(Available data Opens)

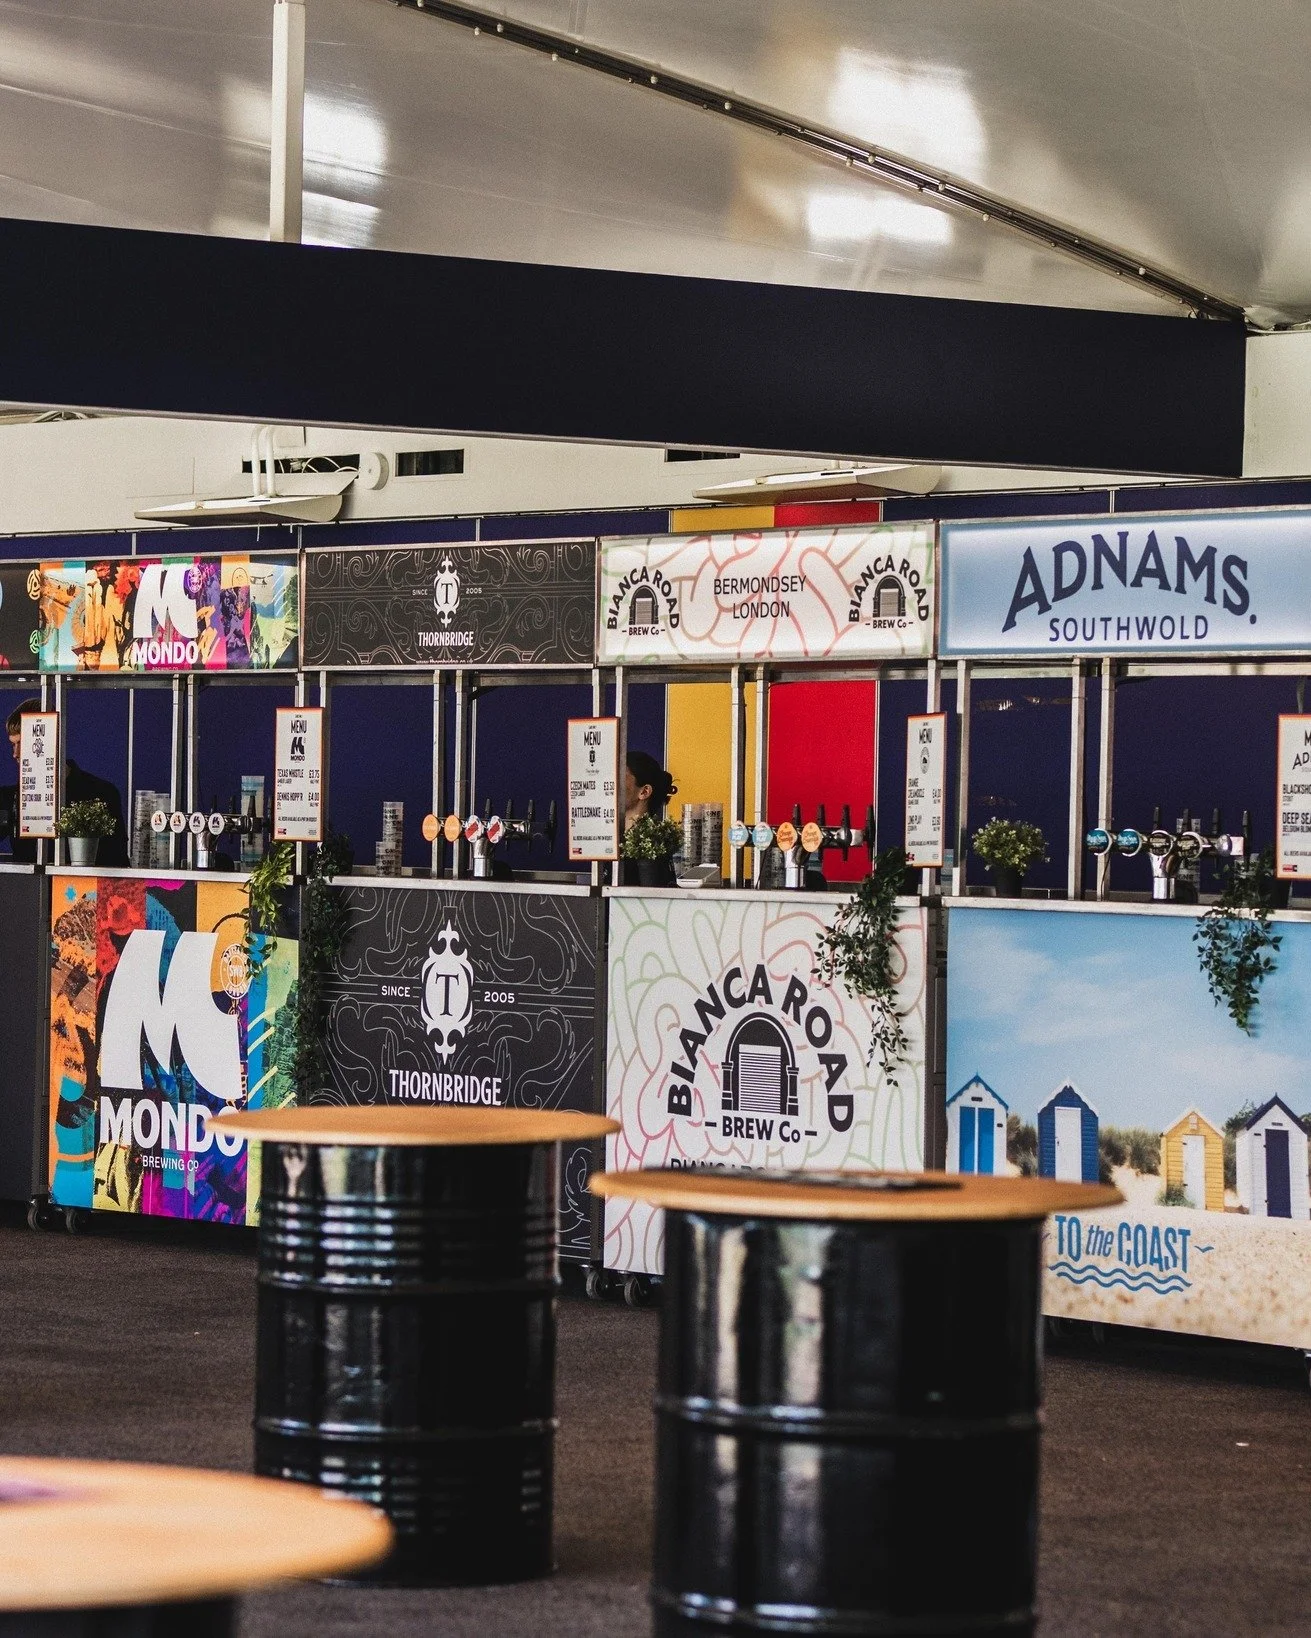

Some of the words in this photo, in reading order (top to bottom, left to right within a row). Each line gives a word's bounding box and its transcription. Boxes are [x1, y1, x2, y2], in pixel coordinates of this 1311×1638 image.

[465, 587, 482, 595] 2005
[714, 575, 807, 595] BERMONDSEY
[848, 554, 895, 622] BIANCA
[898, 558, 930, 621] ROAD
[607, 566, 650, 629] BIANCA
[652, 569, 680, 629] ROAD
[733, 601, 790, 619] LONDON
[628, 627, 649, 636] BREW
[872, 619, 896, 629] BREW
[1049, 615, 1209, 642] SOUTHWOLD
[418, 631, 474, 647] THORNBRIDGE
[130, 640, 199, 665] MONDO
[32, 724, 46, 737] MENU
[290, 719, 307, 733] MENU
[584, 731, 601, 746] MENU
[277, 769, 288, 778] TEXAS
[570, 781, 583, 791] CZECH
[583, 781, 596, 791] MATES
[277, 792, 290, 801] DENNIS
[571, 807, 602, 818] RATTLESNAKE
[1283, 812, 1299, 824] DEEP
[381, 985, 410, 997] SINCE
[484, 991, 515, 1004] 2005
[667, 964, 774, 1117] BIANCA
[781, 975, 854, 1133] ROAD
[389, 1069, 502, 1106] THORNBRIDGE
[100, 1096, 245, 1157] MONDO
[722, 1116, 774, 1141] BREW
[142, 1154, 185, 1171] BREWING
[1055, 1215, 1082, 1262] TO
[1085, 1224, 1114, 1258] the
[1118, 1222, 1191, 1273] COAST
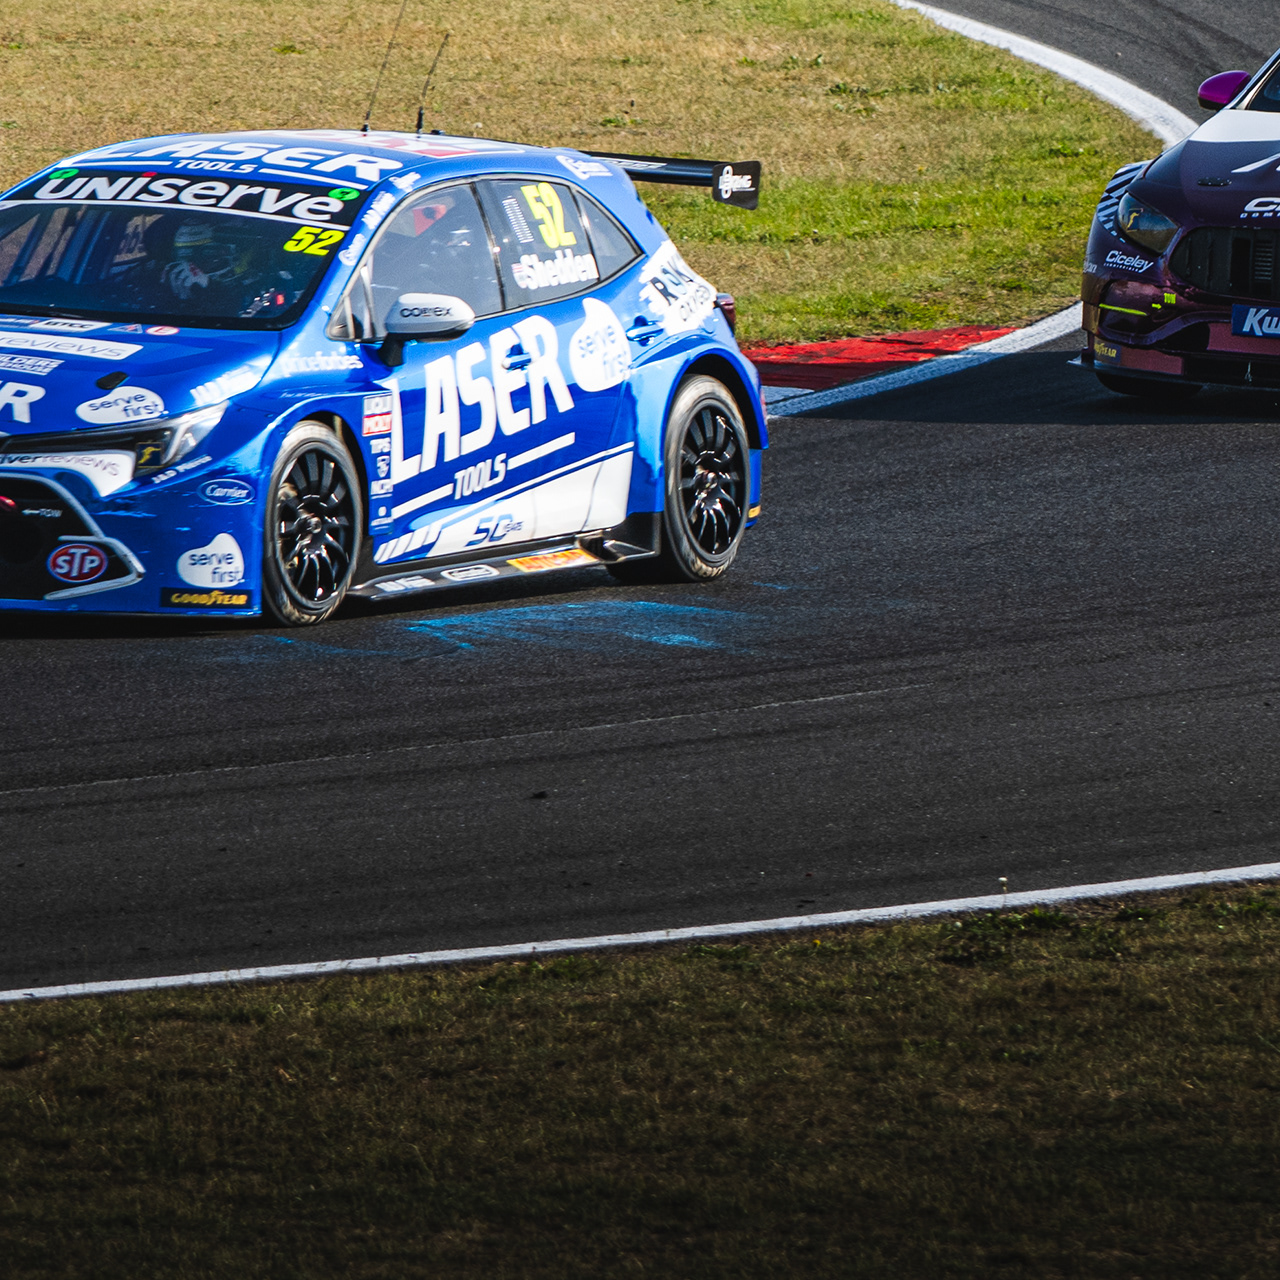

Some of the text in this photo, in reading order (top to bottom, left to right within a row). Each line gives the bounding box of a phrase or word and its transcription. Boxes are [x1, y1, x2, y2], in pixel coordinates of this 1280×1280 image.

[78, 140, 404, 183] LASER
[175, 158, 261, 174] TOOLS
[521, 182, 577, 249] 52
[283, 225, 345, 256] 52
[519, 248, 600, 290] Shedden
[1105, 250, 1154, 272] Ciceley
[43, 320, 95, 329] BTCC
[577, 323, 618, 360] serve
[87, 392, 147, 412] serve
[386, 315, 575, 484] LASER
[454, 452, 508, 501] TOOLS
[205, 484, 250, 500] Carrier
[39, 508, 63, 518] TOW
[465, 514, 513, 547] 50
[54, 547, 100, 577] STP
[188, 552, 235, 566] serve
[170, 590, 248, 606] GOODYEAR
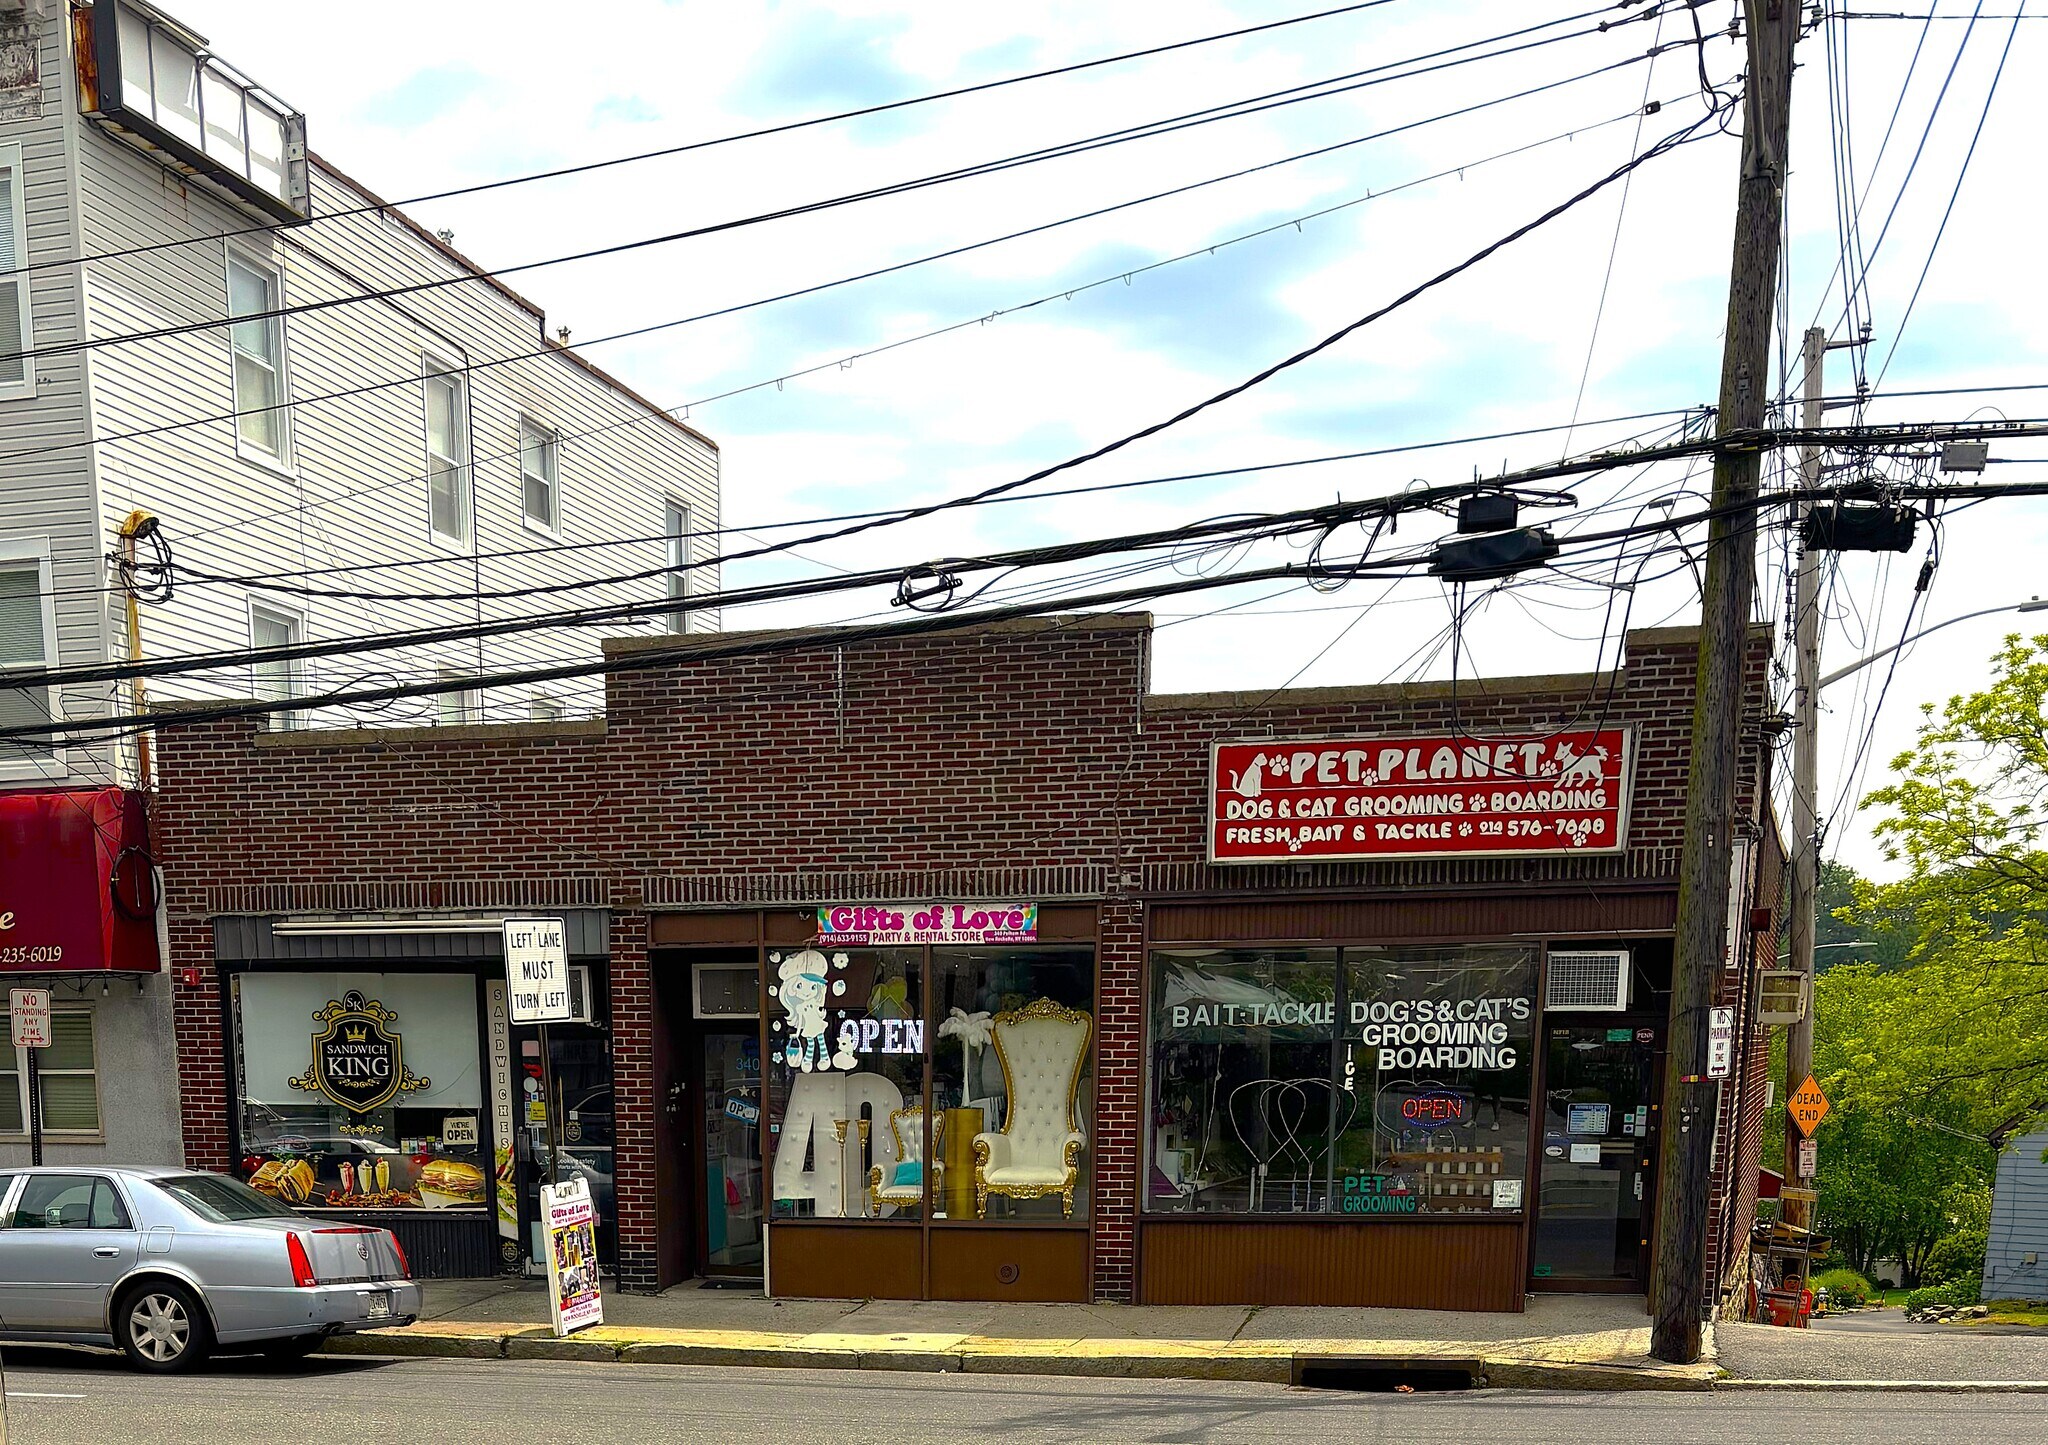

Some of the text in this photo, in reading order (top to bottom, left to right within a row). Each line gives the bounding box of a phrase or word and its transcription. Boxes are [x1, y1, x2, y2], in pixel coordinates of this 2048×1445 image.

[1290, 743, 1546, 784] PET PLANET
[1226, 788, 1606, 819] DOG & CAT GROOMING BOARDING
[1226, 818, 1605, 844] FRESH BAIT & TACKLE 914 576-7648
[830, 904, 1025, 931] Gifts of Love
[510, 932, 561, 949] LEFT LANE
[873, 931, 981, 943] PARTY & RENTAL STORE
[522, 961, 554, 980] MUST
[22, 994, 37, 1006] NO
[514, 992, 565, 1009] TURN LEFT
[14, 1007, 47, 1016] STANDING
[1716, 1010, 1726, 1024] NO
[23, 1018, 38, 1026] ANY
[22, 1027, 40, 1036] TIME
[839, 1019, 924, 1054] OPEN
[1363, 1022, 1508, 1046] GROOMING
[1711, 1026, 1731, 1040] PARKING
[327, 1044, 387, 1054] SANDWICH
[1716, 1042, 1724, 1051] ANY
[327, 1056, 389, 1076] KING
[735, 1057, 760, 1071] 340
[1378, 1046, 1517, 1070] BOARDING
[493, 989, 509, 1149] SANDWICHES
[1797, 1093, 1822, 1105] DEAD
[1401, 1098, 1462, 1118] OPEN
[1799, 1109, 1818, 1121] END
[447, 1129, 474, 1141] OPEN
[1344, 1175, 1386, 1193] PET
[551, 1204, 590, 1218] Gifts of Love
[1343, 1195, 1415, 1212] GROOMING

(Available data Closes)

#### [Problem to solve]
Pictures stay out; the data above is to be returned exactly.

#### [Written solution]
Some of the words in this photo, in reading order (top to bottom, left to right within a row). Each line gives a word's bounding box and its transcription. Boxes are [x1, y1, x2, y2], in pixel coordinates of this 1311×1638 image.

[465, 587, 482, 595] 2005
[714, 575, 807, 595] BERMONDSEY
[848, 554, 895, 622] BIANCA
[898, 558, 930, 621] ROAD
[607, 566, 650, 629] BIANCA
[652, 569, 680, 629] ROAD
[733, 601, 790, 619] LONDON
[628, 627, 649, 636] BREW
[872, 619, 896, 629] BREW
[1049, 615, 1209, 642] SOUTHWOLD
[418, 631, 474, 647] THORNBRIDGE
[130, 640, 199, 665] MONDO
[32, 724, 46, 737] MENU
[290, 719, 307, 733] MENU
[584, 731, 601, 746] MENU
[277, 769, 288, 778] TEXAS
[570, 781, 583, 791] CZECH
[583, 781, 596, 791] MATES
[277, 792, 290, 801] DENNIS
[571, 807, 602, 818] RATTLESNAKE
[1283, 812, 1299, 824] DEEP
[381, 985, 410, 997] SINCE
[484, 991, 515, 1004] 2005
[667, 964, 774, 1117] BIANCA
[781, 975, 854, 1133] ROAD
[389, 1069, 502, 1106] THORNBRIDGE
[100, 1096, 245, 1157] MONDO
[722, 1116, 774, 1141] BREW
[142, 1154, 185, 1171] BREWING
[1055, 1215, 1082, 1262] TO
[1085, 1224, 1114, 1258] the
[1118, 1222, 1191, 1273] COAST

Some of the text in this photo, in reading order (top to bottom, left to right within a row). Each line gives the bounding box of a phrase or word and its transcription. Boxes are [x1, y1, x2, y2], in pixel coordinates of this 1280×1280 image.

[78, 140, 404, 183] LASER
[175, 158, 261, 174] TOOLS
[521, 182, 577, 249] 52
[283, 225, 345, 256] 52
[519, 248, 600, 290] Shedden
[1105, 250, 1154, 272] Ciceley
[43, 320, 95, 329] BTCC
[577, 323, 618, 360] serve
[87, 392, 147, 412] serve
[386, 315, 575, 484] LASER
[454, 452, 508, 501] TOOLS
[205, 484, 250, 500] Carrier
[39, 508, 63, 518] TOW
[465, 514, 513, 547] 50
[54, 547, 100, 577] STP
[188, 552, 235, 566] serve
[170, 590, 248, 606] GOODYEAR

Some of the text in this photo, in reading order (top to bottom, left to right within a row). Each line gives the bounding box of a phrase or word and its transcription. Boxes are [x1, y1, x2, y2], in pixel coordinates of this 2048×1445 image.

[1290, 743, 1546, 784] PET PLANET
[1226, 788, 1606, 819] DOG & CAT GROOMING BOARDING
[1226, 818, 1605, 844] FRESH BAIT & TACKLE 914 576-7648
[830, 904, 1025, 931] Gifts of Love
[510, 932, 561, 949] LEFT LANE
[873, 931, 981, 943] PARTY & RENTAL STORE
[522, 961, 554, 980] MUST
[22, 994, 37, 1006] NO
[514, 992, 565, 1009] TURN LEFT
[14, 1007, 47, 1016] STANDING
[1716, 1010, 1726, 1024] NO
[23, 1018, 38, 1026] ANY
[22, 1027, 40, 1036] TIME
[839, 1019, 924, 1054] OPEN
[1363, 1022, 1508, 1046] GROOMING
[1711, 1026, 1731, 1040] PARKING
[327, 1044, 387, 1054] SANDWICH
[1716, 1042, 1724, 1051] ANY
[327, 1056, 389, 1076] KING
[735, 1057, 760, 1071] 340
[1378, 1046, 1517, 1070] BOARDING
[493, 989, 509, 1149] SANDWICHES
[1797, 1093, 1822, 1105] DEAD
[1401, 1098, 1462, 1118] OPEN
[1799, 1109, 1818, 1121] END
[447, 1129, 474, 1141] OPEN
[1344, 1175, 1386, 1193] PET
[551, 1204, 590, 1218] Gifts of Love
[1343, 1195, 1415, 1212] GROOMING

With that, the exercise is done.